Task statement: Would you copy every record exactly as it stands and drop the pictures?
══ Dataset records ══
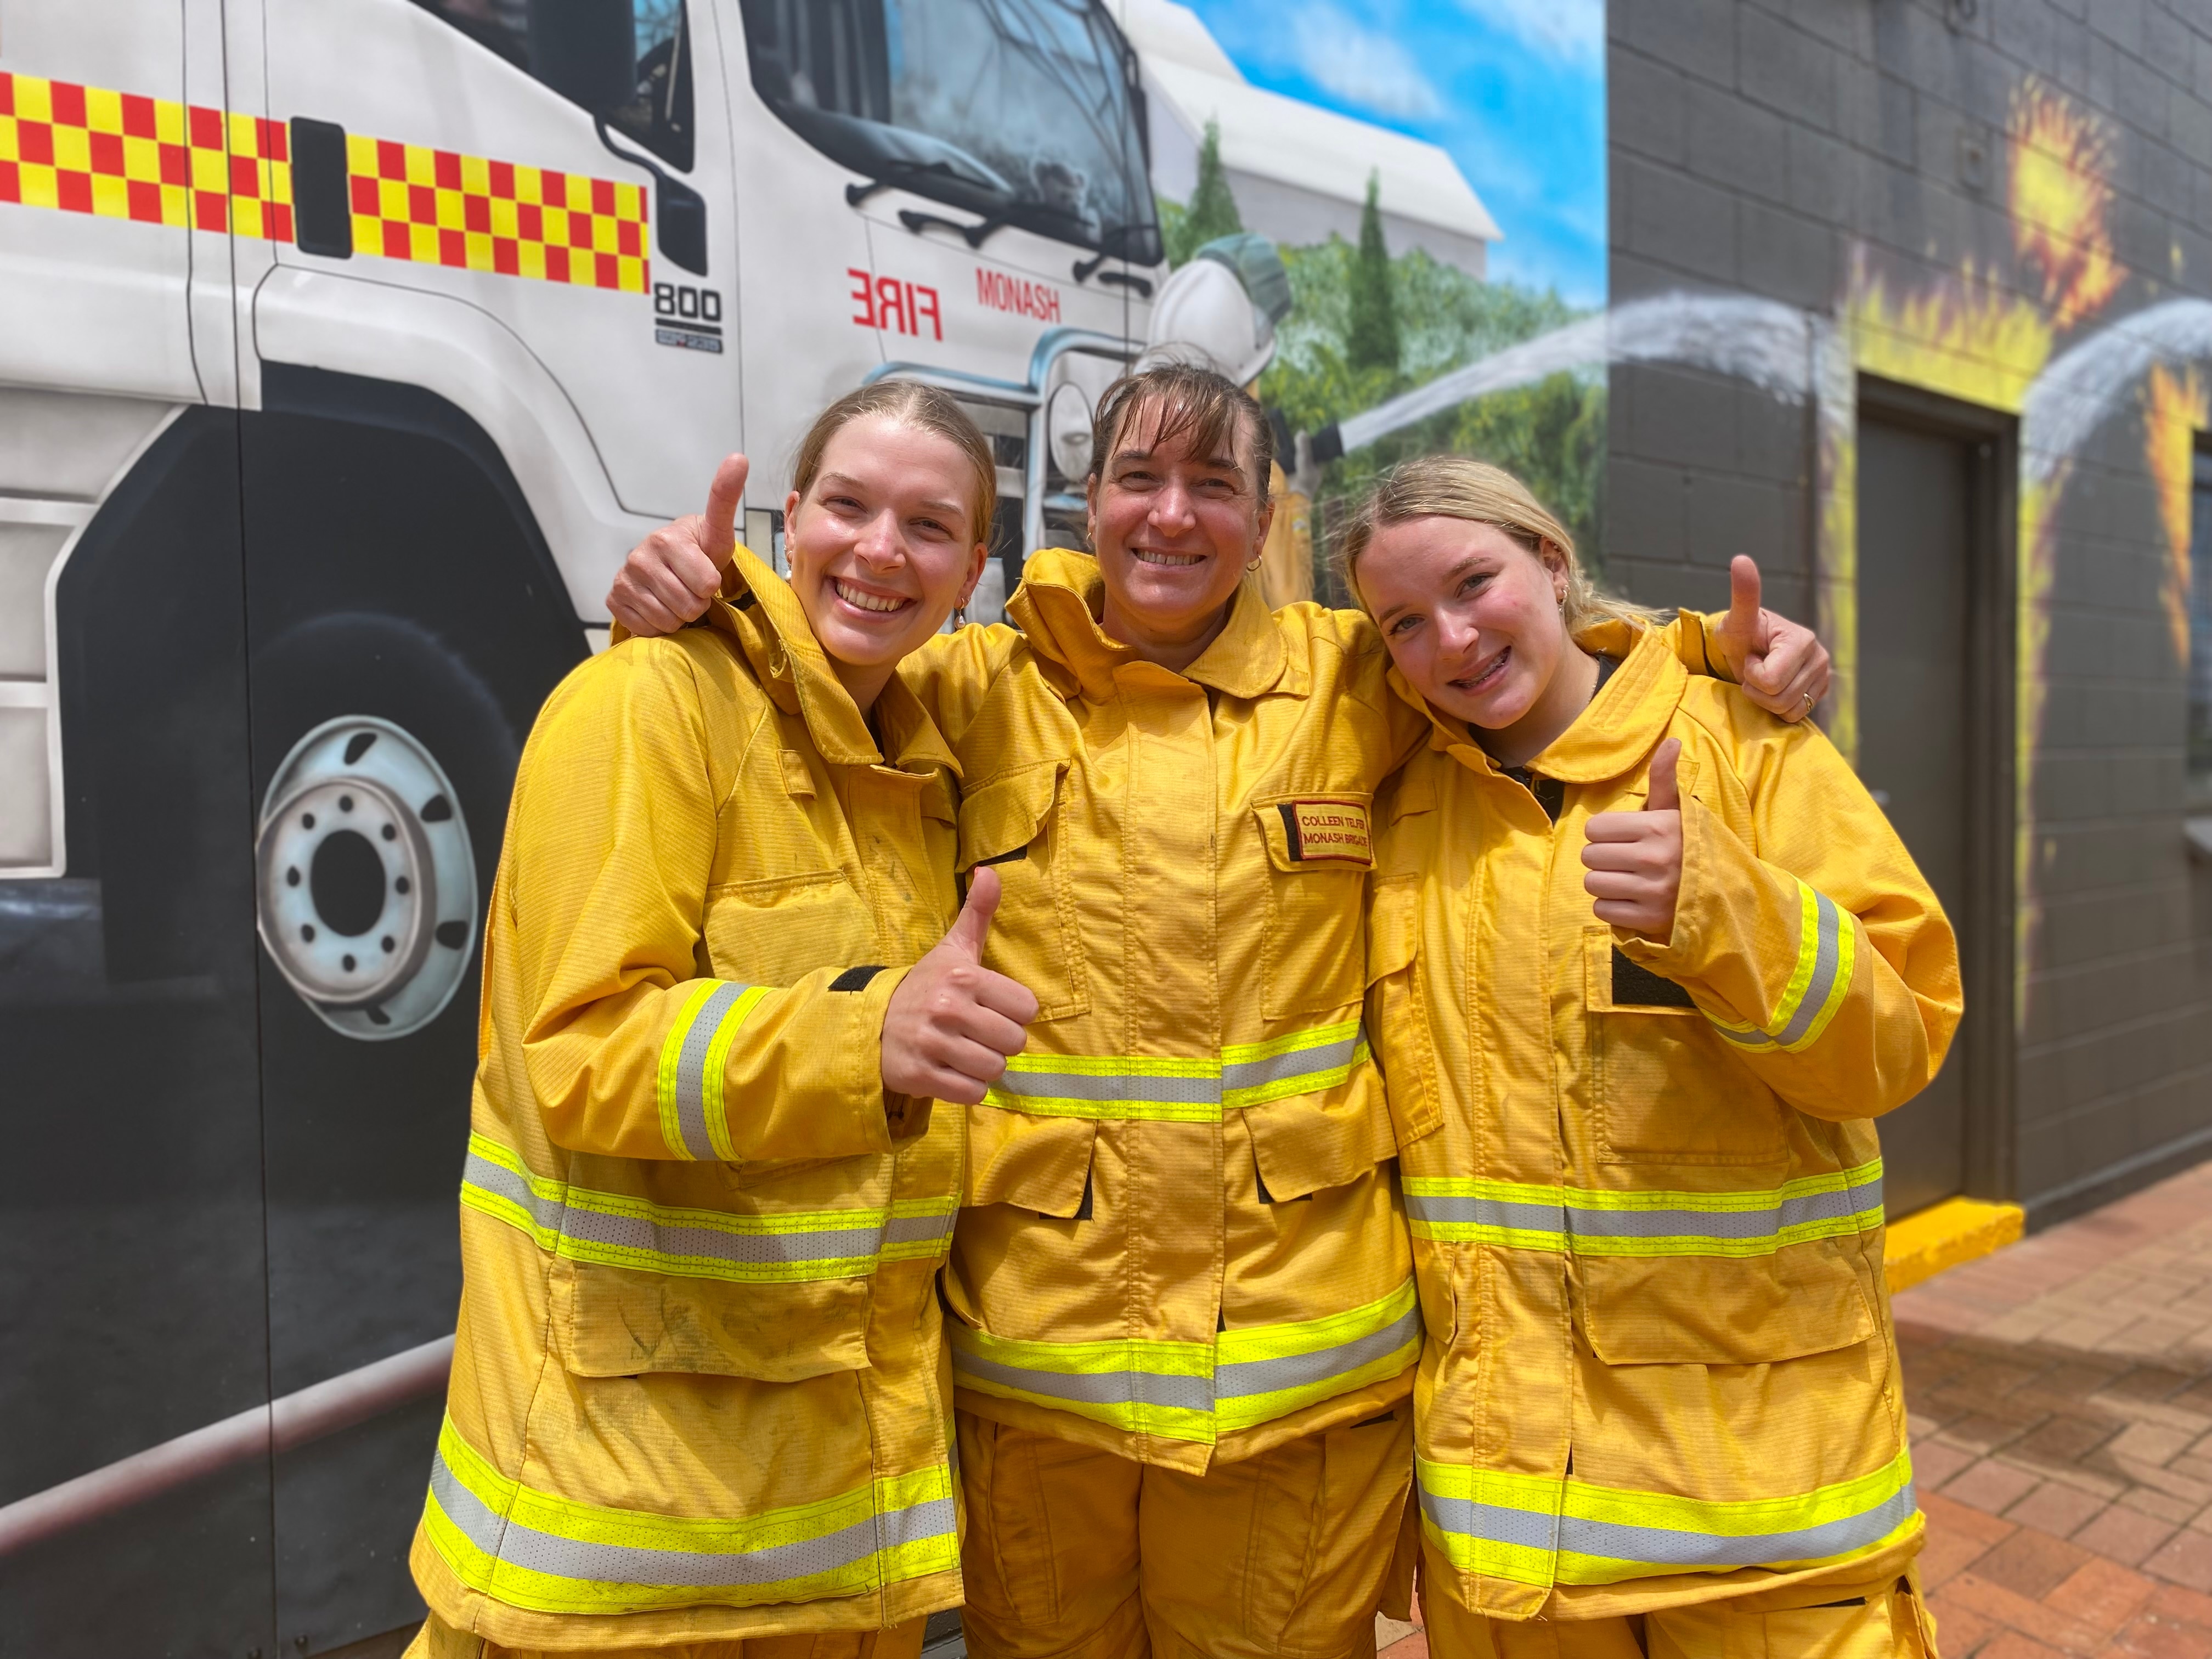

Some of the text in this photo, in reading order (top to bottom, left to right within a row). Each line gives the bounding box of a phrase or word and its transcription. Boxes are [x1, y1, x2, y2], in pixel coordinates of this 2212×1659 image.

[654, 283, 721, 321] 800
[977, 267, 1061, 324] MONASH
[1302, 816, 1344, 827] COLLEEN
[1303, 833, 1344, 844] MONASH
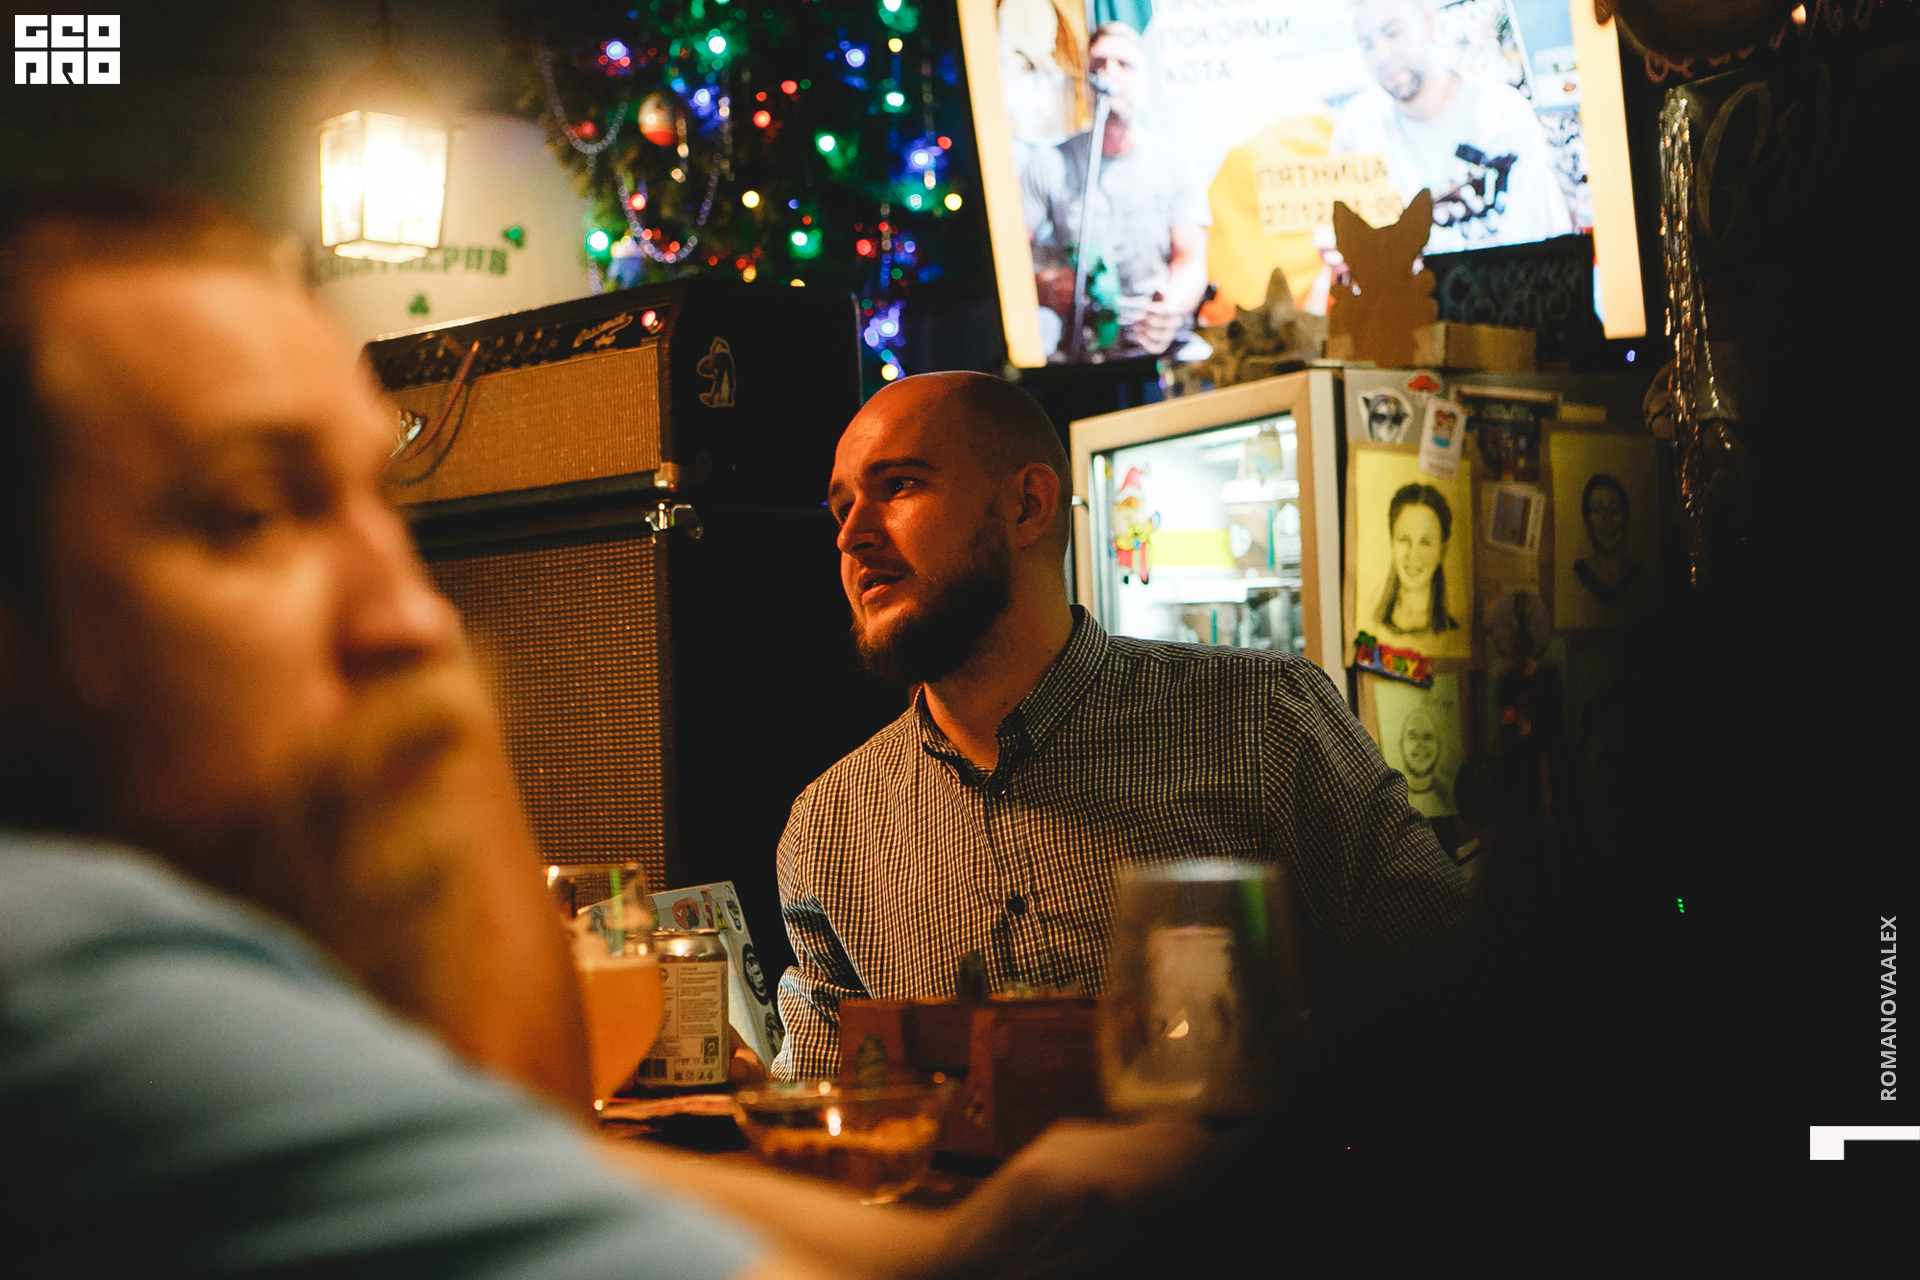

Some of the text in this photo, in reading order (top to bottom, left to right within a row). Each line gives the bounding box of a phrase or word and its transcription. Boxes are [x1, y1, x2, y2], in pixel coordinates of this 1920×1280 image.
═══
Response to the exercise:
Some of the text in this photo, in reading order (top to bottom, left to right within a row). Each line gives the bounding box of a phrase or word and its transcription. Boxes are [x1, y1, x2, y2], in pixel coordinates of this 2212×1659 image.

[654, 283, 721, 321] 800
[977, 267, 1061, 324] MONASH
[1302, 816, 1344, 827] COLLEEN
[1303, 833, 1344, 844] MONASH

Some of the text in this photo, in reading order (top to bottom, left to right within a row). Each line gives the bounding box of a phrase or word and its transcription. Boxes are [x1, y1, x2, y2], in pixel coordinates of this 1920×1280 image.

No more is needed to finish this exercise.